Here are some examples:
TOP_CITIES="Berlin,Hamburg,München,Köln,Frankfurt am Main,Stuttgart,Düsseldorf,Leipzig,Dortmund,Essen"
osmprj report \
--config config.json \
amenity_city "$TOP_CITIES" waste_basket \
--output-type chart \
--output-file chart.html
Break of what's going on:
config.json
holds our database connection details (pg_dsn
)amenity_city
is the report we invoke$TOP_CITIES
is a shell variable holding all the cities we need a report forwaste_basket
is the amenity type we want to report on--output-type
and--output-file
specify how we want to generate this report
The report itself will give us some information about the cities as well as the "amenity per square kilometer" statistic. This is what we'll use to compare the cities to each other.

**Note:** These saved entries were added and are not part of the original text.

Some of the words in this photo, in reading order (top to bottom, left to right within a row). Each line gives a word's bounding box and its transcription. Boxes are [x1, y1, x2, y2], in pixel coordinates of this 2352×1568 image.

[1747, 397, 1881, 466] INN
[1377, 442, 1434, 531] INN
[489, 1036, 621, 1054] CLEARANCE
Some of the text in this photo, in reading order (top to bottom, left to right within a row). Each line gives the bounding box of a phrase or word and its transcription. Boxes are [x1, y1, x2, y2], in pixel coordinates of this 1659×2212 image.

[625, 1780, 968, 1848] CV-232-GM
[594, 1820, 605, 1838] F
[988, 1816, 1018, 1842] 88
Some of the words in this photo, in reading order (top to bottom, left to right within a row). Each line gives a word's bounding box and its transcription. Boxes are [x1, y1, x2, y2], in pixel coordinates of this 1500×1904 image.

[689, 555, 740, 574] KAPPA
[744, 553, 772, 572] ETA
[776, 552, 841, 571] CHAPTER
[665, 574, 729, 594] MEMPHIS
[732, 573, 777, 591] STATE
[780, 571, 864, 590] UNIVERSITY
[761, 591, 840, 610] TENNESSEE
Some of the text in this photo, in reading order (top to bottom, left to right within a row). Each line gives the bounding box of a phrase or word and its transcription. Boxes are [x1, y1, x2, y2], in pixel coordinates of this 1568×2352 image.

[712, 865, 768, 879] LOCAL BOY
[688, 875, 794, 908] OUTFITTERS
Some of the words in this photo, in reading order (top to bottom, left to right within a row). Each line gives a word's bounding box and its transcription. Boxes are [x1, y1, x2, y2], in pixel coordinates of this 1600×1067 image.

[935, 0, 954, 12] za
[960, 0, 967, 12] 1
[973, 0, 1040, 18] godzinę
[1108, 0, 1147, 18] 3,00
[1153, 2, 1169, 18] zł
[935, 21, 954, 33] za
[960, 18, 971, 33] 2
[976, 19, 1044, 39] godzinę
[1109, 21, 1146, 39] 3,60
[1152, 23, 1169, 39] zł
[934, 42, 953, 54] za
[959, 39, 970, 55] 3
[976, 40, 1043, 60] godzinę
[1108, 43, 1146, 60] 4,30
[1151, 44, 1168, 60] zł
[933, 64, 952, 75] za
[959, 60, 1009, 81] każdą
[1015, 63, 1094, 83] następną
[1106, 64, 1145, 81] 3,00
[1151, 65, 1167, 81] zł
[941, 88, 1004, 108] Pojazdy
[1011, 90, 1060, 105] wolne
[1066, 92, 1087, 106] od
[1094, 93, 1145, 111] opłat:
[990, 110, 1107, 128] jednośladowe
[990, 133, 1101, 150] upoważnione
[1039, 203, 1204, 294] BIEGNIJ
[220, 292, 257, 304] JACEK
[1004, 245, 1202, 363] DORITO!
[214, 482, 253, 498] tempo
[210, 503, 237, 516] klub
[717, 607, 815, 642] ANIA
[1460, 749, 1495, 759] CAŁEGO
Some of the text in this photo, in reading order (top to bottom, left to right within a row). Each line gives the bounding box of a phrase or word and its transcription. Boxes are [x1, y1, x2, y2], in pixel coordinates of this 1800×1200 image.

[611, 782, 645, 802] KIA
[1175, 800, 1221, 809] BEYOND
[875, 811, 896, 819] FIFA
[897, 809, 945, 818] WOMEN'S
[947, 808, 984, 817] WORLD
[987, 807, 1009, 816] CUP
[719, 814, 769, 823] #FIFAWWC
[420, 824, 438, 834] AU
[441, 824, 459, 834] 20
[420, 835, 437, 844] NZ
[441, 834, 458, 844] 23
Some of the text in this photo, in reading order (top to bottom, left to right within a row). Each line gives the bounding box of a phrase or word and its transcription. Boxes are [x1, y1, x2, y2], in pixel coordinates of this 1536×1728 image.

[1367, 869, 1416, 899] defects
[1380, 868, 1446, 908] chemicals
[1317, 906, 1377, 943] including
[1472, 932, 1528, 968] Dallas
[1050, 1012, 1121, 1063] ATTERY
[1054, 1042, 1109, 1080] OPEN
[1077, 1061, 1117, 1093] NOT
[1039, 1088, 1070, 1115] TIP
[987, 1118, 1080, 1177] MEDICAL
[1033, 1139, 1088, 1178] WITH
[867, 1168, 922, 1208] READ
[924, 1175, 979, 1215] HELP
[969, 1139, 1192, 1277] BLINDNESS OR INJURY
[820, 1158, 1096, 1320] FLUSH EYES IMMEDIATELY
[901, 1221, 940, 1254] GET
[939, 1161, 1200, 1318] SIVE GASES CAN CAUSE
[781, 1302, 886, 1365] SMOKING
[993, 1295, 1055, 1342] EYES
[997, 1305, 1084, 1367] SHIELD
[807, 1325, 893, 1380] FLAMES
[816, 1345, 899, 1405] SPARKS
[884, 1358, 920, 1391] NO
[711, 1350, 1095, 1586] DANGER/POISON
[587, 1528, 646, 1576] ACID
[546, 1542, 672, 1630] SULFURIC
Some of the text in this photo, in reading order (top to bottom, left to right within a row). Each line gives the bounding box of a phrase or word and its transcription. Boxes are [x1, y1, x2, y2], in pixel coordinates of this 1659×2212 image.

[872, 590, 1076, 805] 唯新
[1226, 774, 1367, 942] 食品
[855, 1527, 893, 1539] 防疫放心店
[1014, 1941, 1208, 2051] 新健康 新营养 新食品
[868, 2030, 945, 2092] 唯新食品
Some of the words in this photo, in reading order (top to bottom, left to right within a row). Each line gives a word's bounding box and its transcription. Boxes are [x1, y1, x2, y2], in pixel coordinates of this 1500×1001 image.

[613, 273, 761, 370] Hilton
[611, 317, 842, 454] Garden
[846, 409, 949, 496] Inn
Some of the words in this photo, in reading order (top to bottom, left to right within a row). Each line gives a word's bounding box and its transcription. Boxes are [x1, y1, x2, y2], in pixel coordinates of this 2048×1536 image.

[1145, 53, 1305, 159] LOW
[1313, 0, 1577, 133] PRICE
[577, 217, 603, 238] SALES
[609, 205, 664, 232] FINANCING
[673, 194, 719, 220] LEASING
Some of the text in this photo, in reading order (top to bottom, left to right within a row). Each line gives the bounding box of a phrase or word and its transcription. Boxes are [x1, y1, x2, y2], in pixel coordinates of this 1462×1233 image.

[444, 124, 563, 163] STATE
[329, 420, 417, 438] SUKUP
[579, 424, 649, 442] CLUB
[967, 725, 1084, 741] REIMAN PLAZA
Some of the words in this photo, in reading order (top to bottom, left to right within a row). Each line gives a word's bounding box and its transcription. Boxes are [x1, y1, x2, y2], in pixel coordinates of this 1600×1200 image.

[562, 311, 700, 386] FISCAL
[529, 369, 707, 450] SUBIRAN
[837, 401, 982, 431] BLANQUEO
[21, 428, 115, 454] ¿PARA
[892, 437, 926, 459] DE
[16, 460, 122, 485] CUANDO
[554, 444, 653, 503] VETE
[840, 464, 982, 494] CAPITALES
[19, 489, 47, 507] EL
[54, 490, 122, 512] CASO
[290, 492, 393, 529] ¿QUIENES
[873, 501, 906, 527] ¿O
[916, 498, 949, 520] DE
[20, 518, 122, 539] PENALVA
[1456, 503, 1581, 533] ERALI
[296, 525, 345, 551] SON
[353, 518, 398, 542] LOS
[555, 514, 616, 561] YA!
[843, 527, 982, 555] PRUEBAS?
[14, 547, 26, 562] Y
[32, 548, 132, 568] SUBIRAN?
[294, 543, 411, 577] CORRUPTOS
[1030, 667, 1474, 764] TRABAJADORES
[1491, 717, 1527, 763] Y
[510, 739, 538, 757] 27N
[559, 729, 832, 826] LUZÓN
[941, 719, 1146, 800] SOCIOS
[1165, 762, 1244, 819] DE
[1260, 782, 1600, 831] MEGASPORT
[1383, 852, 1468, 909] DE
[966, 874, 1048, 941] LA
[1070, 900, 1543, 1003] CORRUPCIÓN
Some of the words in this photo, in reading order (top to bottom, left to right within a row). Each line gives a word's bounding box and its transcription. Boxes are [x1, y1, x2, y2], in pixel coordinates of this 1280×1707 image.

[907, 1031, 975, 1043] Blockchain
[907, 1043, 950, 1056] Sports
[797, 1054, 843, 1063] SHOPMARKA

Here the final result (using the Plotly library in Python):
The results show that Stuttgart and Munich are the clear winners! (at least in terms of trash cans). But, do these results actually reflect the truth on the ground? We need to investigate further to know for sure. Maybe Leipzig just doesn't have as much data on where their trash cans are. Any good researcher or journalist would keep digging to see why these differences exist and what they mean.
Final thoughts #
If you are interested in taking this analysis further, I recommend adding data about population density to the mix (e.g. Global Human Settlement Layer) to get an even better measurement of "trash can accessibility". Additionally, at this point we could also make a point cluster map of each city to see which parts of the city have the most trash cans. Can you completely automate expanding the CLI tool I introduced so far? (most likely, there are lots of great mapping libraries out there for Python!)